**EXERCISE DIRECTIONS:**
Please repeat the records below exactly, skipping any pictures.

[Saved data entries]
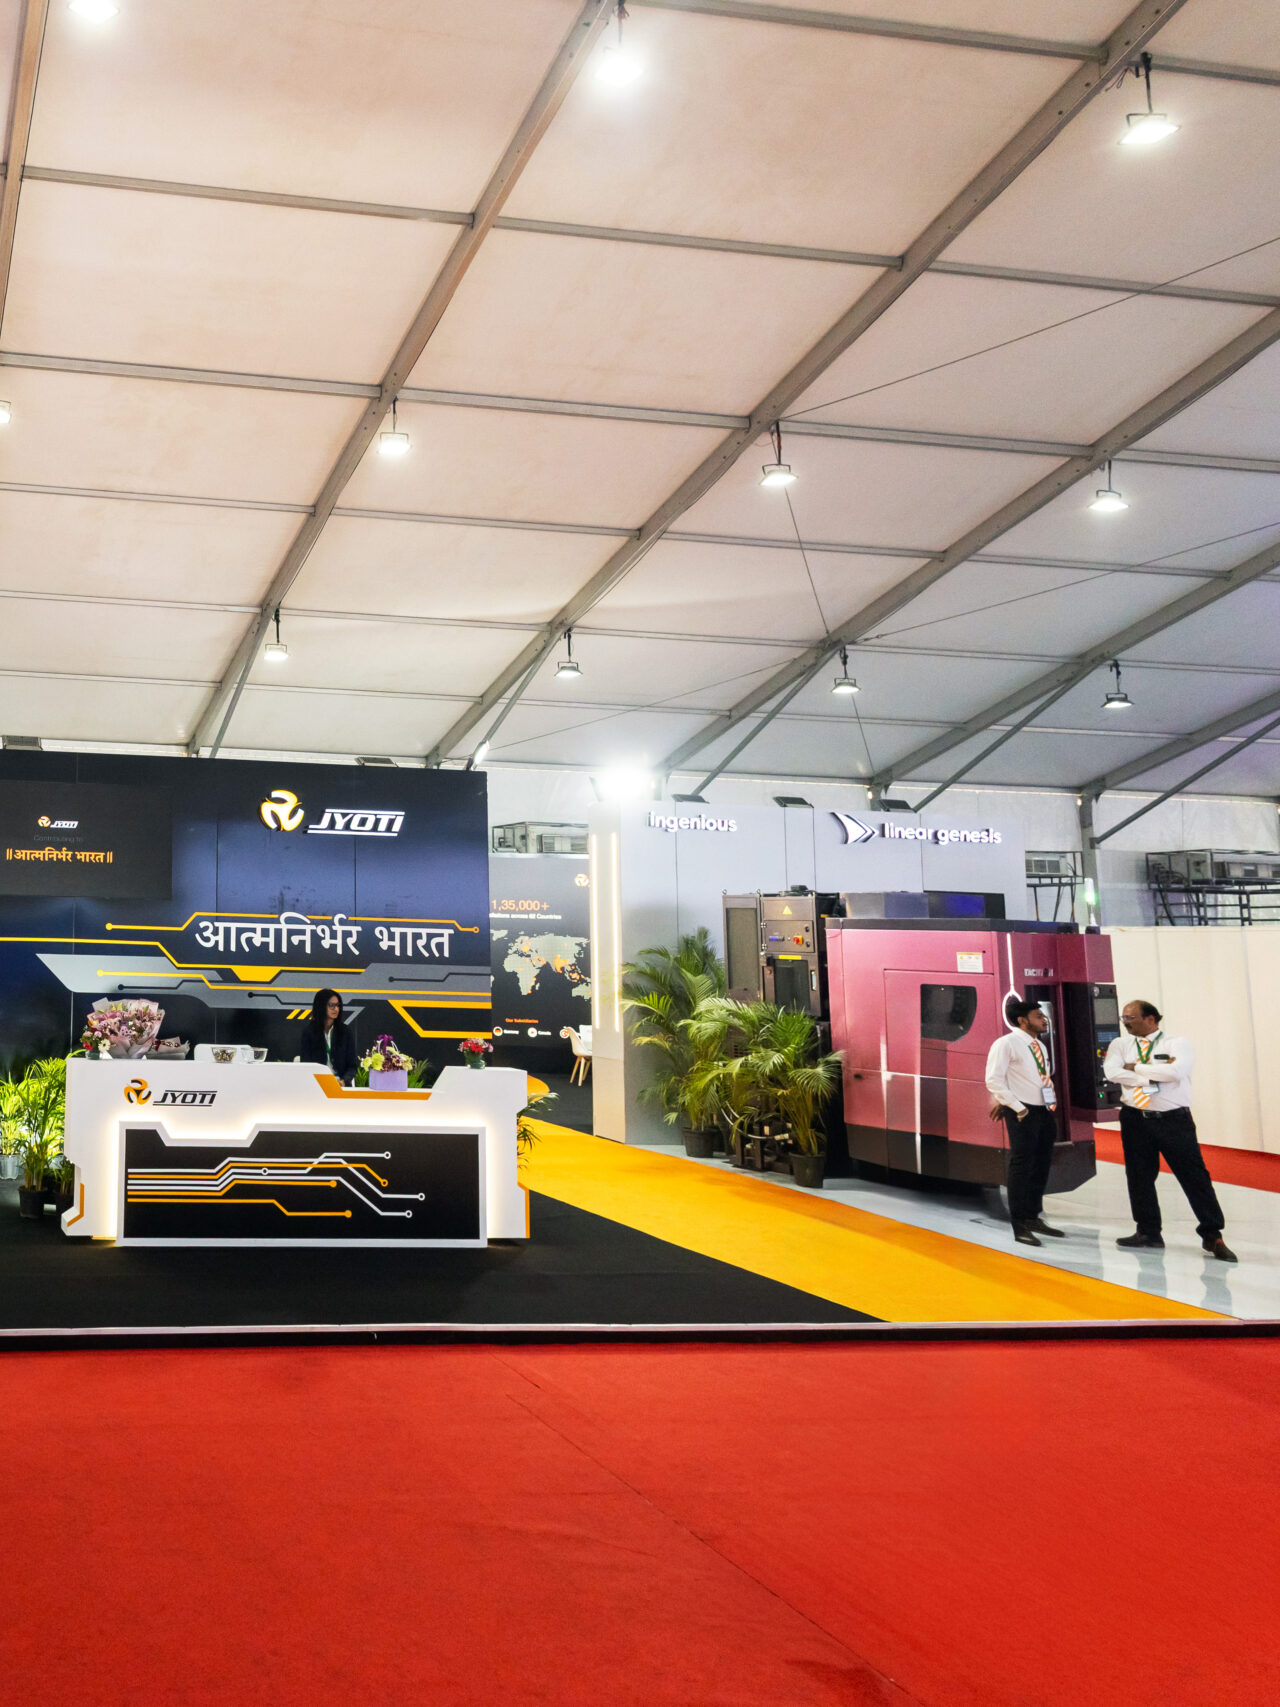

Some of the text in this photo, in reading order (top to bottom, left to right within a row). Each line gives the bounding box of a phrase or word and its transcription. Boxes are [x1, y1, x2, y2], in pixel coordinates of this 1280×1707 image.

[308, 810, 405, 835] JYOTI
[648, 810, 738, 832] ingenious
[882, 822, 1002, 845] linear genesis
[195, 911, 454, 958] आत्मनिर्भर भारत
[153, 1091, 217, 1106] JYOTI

**EXERCISE ANSWER:**
Some of the text in this photo, in reading order (top to bottom, left to right within a row). Each line gives the bounding box of a phrase or word and its transcription. Boxes are [x1, y1, x2, y2], in pixel coordinates of this 1280×1707 image.

[308, 810, 405, 835] JYOTI
[648, 810, 738, 832] ingenious
[882, 822, 1002, 845] linear genesis
[195, 911, 454, 958] आत्मनिर्भर भारत
[153, 1091, 217, 1106] JYOTI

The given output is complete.